Title:
Improving Software Dependability with Hardware Support
Abstract:
As software permeates our daily life and becomes more and more complex, software
dependability becomes increasingly important. The main obstacle to building
dependable software is software bugs, which often account for 40% of computer
system failures and over 50% of security vulnerabilities. The existing dynamic
bug detection techniques suffer from high overhead and can greatly benefit from
the recent impressive advances in computer architecture.

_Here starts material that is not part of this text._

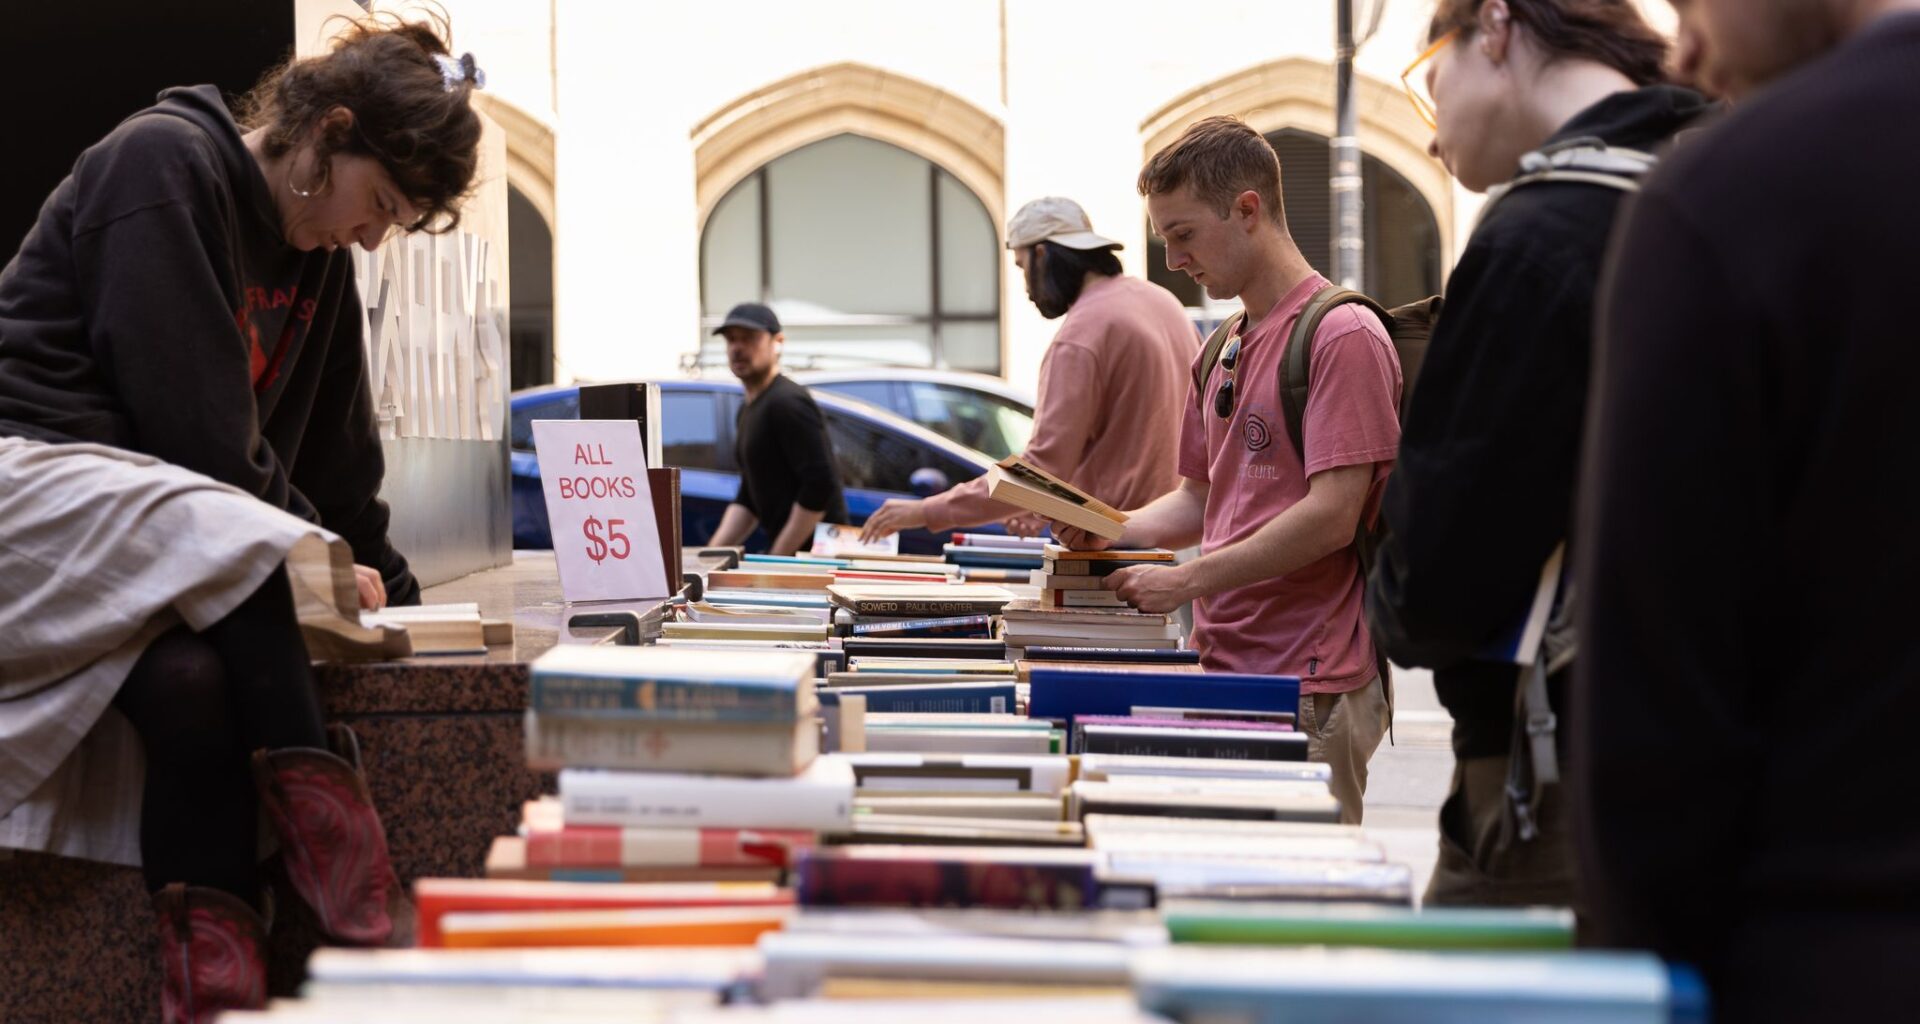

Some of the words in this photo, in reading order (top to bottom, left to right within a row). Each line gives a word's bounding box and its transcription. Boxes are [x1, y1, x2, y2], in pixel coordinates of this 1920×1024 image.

In this talk, I will present novel hardware support and new techniques for
detecting software bugs in production runs. First, I will present a simple and
general hardware framework called iWatcher that improves dynamic monitoring (for
bug detection). The experiments show that iWatcher can be used to detect a wide
variety of bugs with low overhead, orders of magnitude smaller than
software-only dynamic checkers. Next, I will talk about a specific application
of iWatcher for dynamic detection of general memory corruption bugs. The
experiments show that this technique finds some bugs missed by the
state-of-the-art industrial and academic tools. Finally, I will mention another
application of iWatcher for incremental checking of data structure consistency
that can help in localizing semantic bugs. Preliminary results show that this
technique has a significantly lower overhead for large data structures than
traditional techniques for checking consistency.
Bio:
Pin Zhou is currently a Ph.D. student in the Department of Computer Science at
the University of Illinois at Urbana-Champaign. She holds an M.S. from Tsinghua
University, China. Her research interests are hardware and system support for
improving software dependability, operating systems, memory management, and
storage systems. The work presented in this talk appeared at ISCA, MICRO, IEEE
Micro's Top Picks, and ACM TACO. She received the W.J. Poppelbaum Memorial Award
in 2004, an honor given to one or two graduate students every year in computer
architecture at University of Illinois. Two of her papers were selected in the
IEEE Micro Special Issue: Micro's Top Picks from Computer Architecture
conferences in 2004. Further information is available at
http://opera.cs.uiuc.edu/~pinzhou.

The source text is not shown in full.